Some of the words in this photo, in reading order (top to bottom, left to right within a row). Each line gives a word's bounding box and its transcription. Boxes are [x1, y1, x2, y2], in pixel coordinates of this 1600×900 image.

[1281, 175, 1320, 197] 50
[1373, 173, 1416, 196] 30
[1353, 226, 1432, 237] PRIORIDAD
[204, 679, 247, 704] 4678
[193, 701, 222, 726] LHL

» **Task brief**
Print each record from the listing above exactly as it was given.

» **Result of the exercise**
Some of the words in this photo, in reading order (top to bottom, left to right within a row). Each line gives a word's bounding box and its transcription. Boxes are [x1, y1, x2, y2], in pixel coordinates of this 1600×900 image.

[1281, 175, 1320, 197] 50
[1373, 173, 1416, 196] 30
[1353, 226, 1432, 237] PRIORIDAD
[204, 679, 247, 704] 4678
[193, 701, 222, 726] LHL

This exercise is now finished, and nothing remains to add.